◆ ASSIGNED TASK ◆
Search the records below for "this 1344×1512 image.". Return that line and all remaining lines exactly.

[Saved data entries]
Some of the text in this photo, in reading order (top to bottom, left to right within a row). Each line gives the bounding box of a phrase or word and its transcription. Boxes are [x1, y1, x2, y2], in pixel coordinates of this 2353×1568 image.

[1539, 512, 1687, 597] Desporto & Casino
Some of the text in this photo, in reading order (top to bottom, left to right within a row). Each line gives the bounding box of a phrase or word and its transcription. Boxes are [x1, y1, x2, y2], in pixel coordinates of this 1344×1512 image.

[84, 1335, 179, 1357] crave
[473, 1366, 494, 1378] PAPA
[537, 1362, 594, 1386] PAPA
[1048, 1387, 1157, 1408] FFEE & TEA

◆ ANSWER SPACE ◆
Some of the text in this photo, in reading order (top to bottom, left to right within a row). Each line gives the bounding box of a phrase or word and its transcription. Boxes are [x1, y1, x2, y2], in pixel coordinates of this 1344×1512 image.

[84, 1335, 179, 1357] crave
[473, 1366, 494, 1378] PAPA
[537, 1362, 594, 1386] PAPA
[1048, 1387, 1157, 1408] FFEE & TEA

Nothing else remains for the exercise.